Open zblz opened this issue 6 years ago • 3 comments

This PR implements handling of the SU and SD CSI commands in pyte.Stream and the corresponding scroll_up and scroll_down methods in pyte.Screen.

zblz avatar Nov 21 '17 17:11 zblz

Thanks for the contribution! Could you point me to documentation for these escape sequences?

superbobry avatar Dec 09 '17 23:12 superbobry

They are (sparsely) documented here: http://invisible-island.net/xterm/ctlseqs/ctlseqs.html

The most common use of this is when you call clear inside of a tmux session with a status bar. Instead of clearin everything and redrawing the status bar, tmux will scroll the non-status-bar lines out of the screen using scroll up. We also looked at vttest requirements to check its behaviour.

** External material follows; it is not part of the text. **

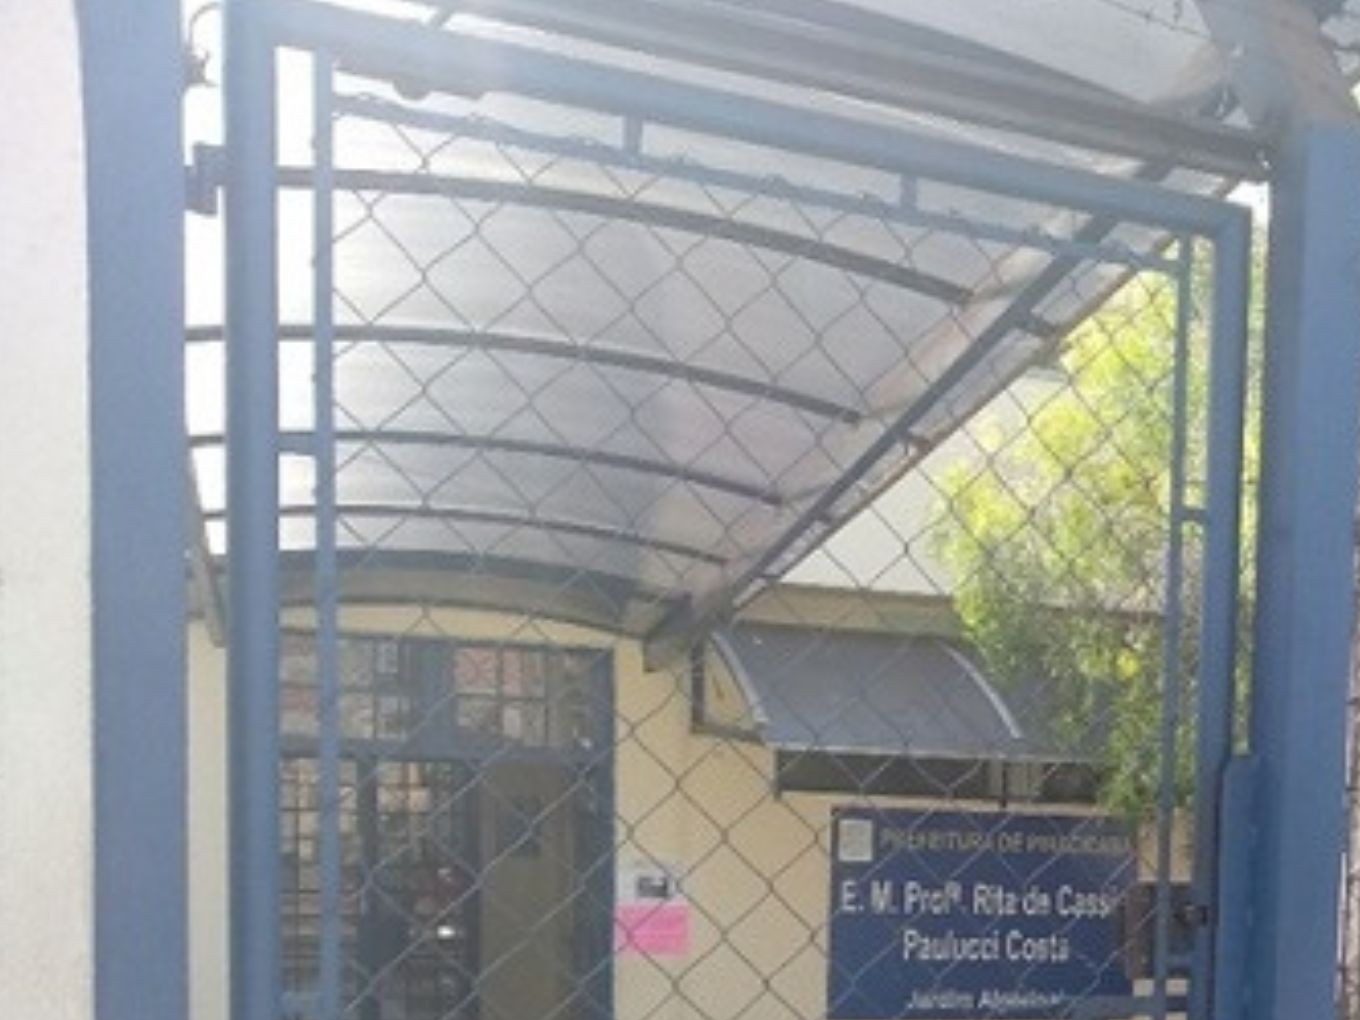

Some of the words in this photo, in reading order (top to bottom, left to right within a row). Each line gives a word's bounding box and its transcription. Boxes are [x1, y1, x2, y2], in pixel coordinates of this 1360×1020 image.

zblz avatar Dec 10 '17 20:12 zblz

Any chance this can be merged?

I ran into the lack of scroll support when using the Python curses module. Scrolling can be invoked implicitly in ncurses (I believe this is due to hardscroll.c, which appears to detect 'scroll-like' updates, even if a scroll was not explicitly requested.)

Here is a script that demonstrates psuedo-scroll behavior. With TERM set to a terminal with scrolling capability (e.g. xterm-256color), this script fails to update the 0, 0 cell to 1 (i.e. the first assert should fail) because ncurses decides to send a scroll command. With TERM set to linux the script passes.

import curses
import pyte
import os


def psuedo_scroll(stdscr):
    stdscr.addstr(0, 0, '0')
    stdscr.addstr(2, 0, '1')
    stdscr.refresh()
    stdscr.addstr(0, 0, '1')
    stdscr.addstr(2, 0, '2')
    stdscr.refresh()


pid, fd = os.forkpty()
if pid == 0:
    curses.wrapper(psuedo_scroll)
else:
    screen = pyte.Screen(80, 24)
    stream = pyte.ByteStream(screen)
    # pass through bytes directly
    stream.select_other_charset('@')
    while True:
        try:
            output = os.read(fd, 1024)
            stream.feed(output)
        except OSError:
            break
    assert(screen.buffer[0][0].data == '1')
    assert(screen.buffer[2][0].data == '2')

I don't know of any easy way to set the term capabilities with greater granularlity than TERM (to disable scrolling but leave support for other features (e.g. color)), so I would prefer to not use TERM=linux. Additionally, merging this would save some time for others who run into the issue (it took some debugging to trace observed incorrect terminal state to the scroll behavior).

I tested this pull request and it solves both my original issue and causes the above test to pass.